No longer fighting the waters
Recently a friend said that her medication was “working”, and she was experiencing a new-found desire for being social. She was concerned about this cheerfulness overtaking the intense creativity and sensitivities she has come to treasure. I had harbored these very concerns before. Many of you may wonder about the same: will medication therapy “change your personality” especially the creative and sensitive part?
I am not talking about overt “apathy”, a severe numbness that has been listed as a side effect of various psychotropics including antidepressants. Rather, I am talking about a change toward a hopeful attitude and a positive outlook. This change is what medical professionals would describe as ” medication kicking in”. Will this change come at the expense of creativity?
It may be helpful to describe what “medication kicking in” feels like: You feel as if someone has flipped a switch and the world looks more likeable. You stop dreading being alive. You do not become a chatterbox, but you open up a little more, and talk a little more - and you enjoy this connecting to other people. You feel good in people’s company. You like yourself when you are with other people. You like yourself when you are alone.
I don’t know what “normal” is and I wonder if anyone really knows; “normal” is subjective. “Normal” can be a physical and mental standard of well-being that is measurable by tests. Many of those tests, however, are subjective. Some degrees of depression is normal as a response: we need to be able to express depression when confronted with a depressing situation. Grief and sadness accompanying loss are completely “normal” even when a grieving person displays many of the symptoms of a depressed person: change in appetite, sleeping patterns, outlook on life, feelings about self and the world.

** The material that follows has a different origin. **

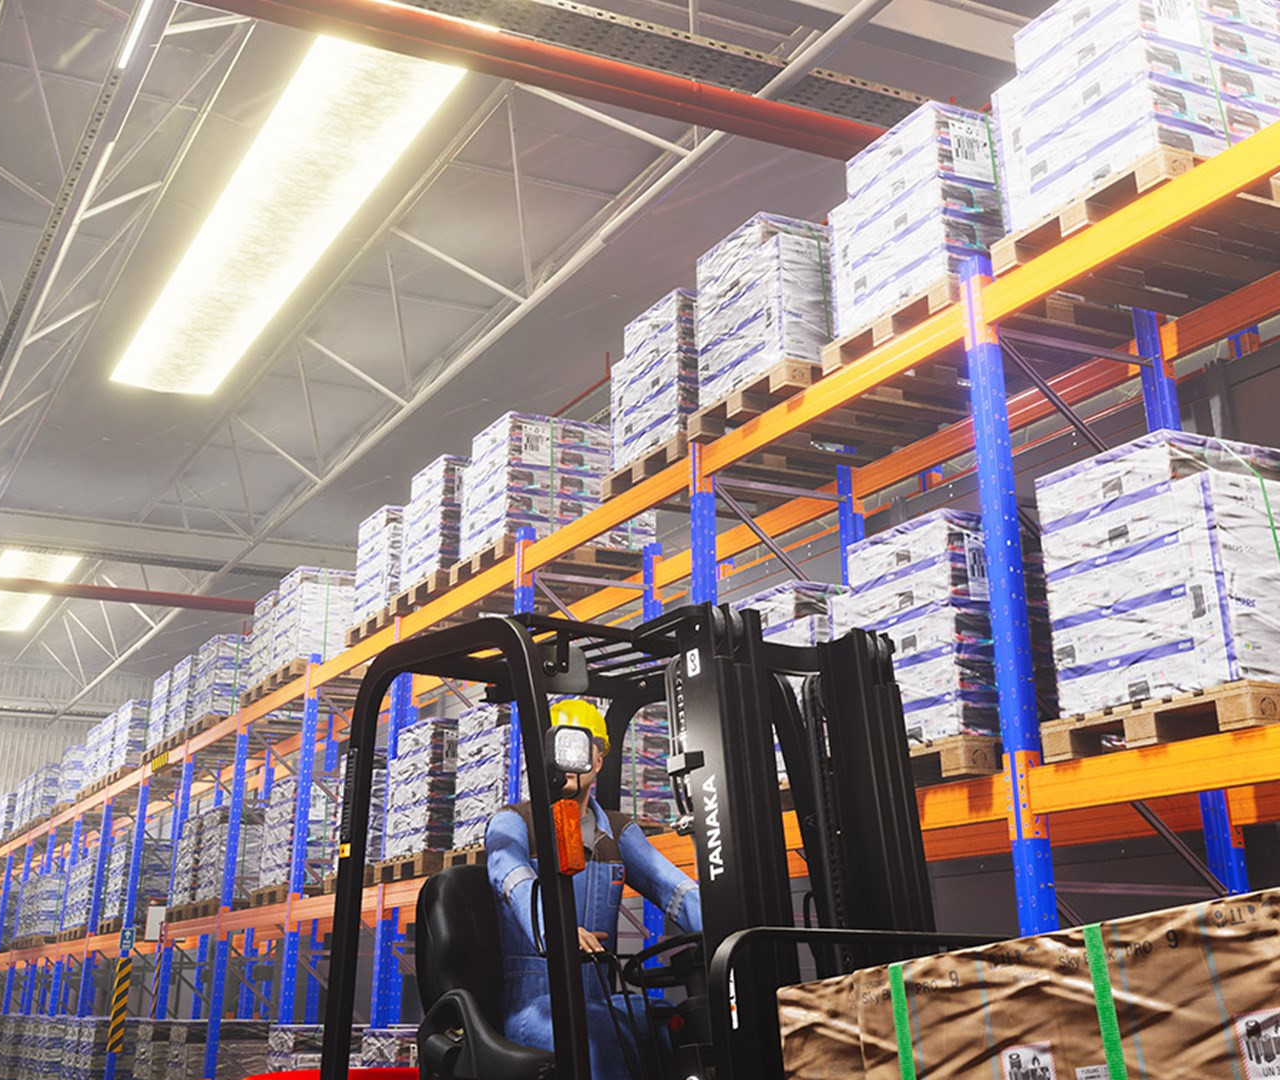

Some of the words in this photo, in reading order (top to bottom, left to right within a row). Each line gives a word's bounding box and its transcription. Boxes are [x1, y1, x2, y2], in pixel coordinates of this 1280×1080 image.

Depression becomes “abnormal” when it persists for longer than “usual”. How long is too long? Six weeks? Six months? This can depends on the situation causing a depressed mood. However, living in a constant state of despair can begin to injure our other states of being. Our physical body becomes weak from neglect. Depression suppresses immune functions, making us vulnerable to diseases (and that begets more depressed mood). Our mental body becomes an enemy that tortures us with self loathing. Our emotional body becomes an unpredictable outlet.
When depression persists in the lack of a continual stimulus, it has assumed “a life of its own”. This is when depression takes over our lives, and it warrants help and treatment. An analogy may be drawn with a cancerous growth. Cancer cells persist in the lack of a continual stimulus, growing when they should not grow. Early detection and treatment of cancer improves survival. Early detection and treatment of depression improves survival.
We may write prolifically and appear more creative when we were depressed. These expressions had remained our only outlets to communicate when we had shut ourselves off from the world. When I had revisited my writing during a depressed state, I was amazed at how dark and depressing my writing was. Poignant? Sensitive? Yes, but overshadowed by despair and dread permeating each sentence.
As we proceed along therapy, we may stop writing continuously about pain or suffering or hurt or betrayal or fear. This does not mean we are no longer inspired. Instead, we may be experiencing a different way of being alive. Since for many of us, we were rather new at “feeling alive”, we may want to stop writing and just “live”.
Normalcy is not superficiality. Being “creative” does not require pain or despair. In time, you will begin to explore the depths of your new perspective. You can still evoke the intensity of feeling or passion that you had evoked when you were depressed. When depression no longer acts as your master, but serves you as it should as an emotional response to a situation, you can choose how to feel about the situation.
Depression was being on a boat in stormy waters. You were in constant fear of capsizing. Normalcy is being on calm waters. You can sit still and rest, because the boat was no longer rocking. At first, the water may seem was too quiet, everything may seem too quiet. Then, you re-shift your focus from this new quietness, and look to the horizon for all the places you can go and explore.
Let the quietness come. Let the living come. Let the joy come. Let the changes come. Creativity was never a part of the “temporary”. Creativity is always a part of you. Depression was always a part of the “temporary” and is never a part of you. You can now sit back and enjoy the scenery instead of fighting the waters.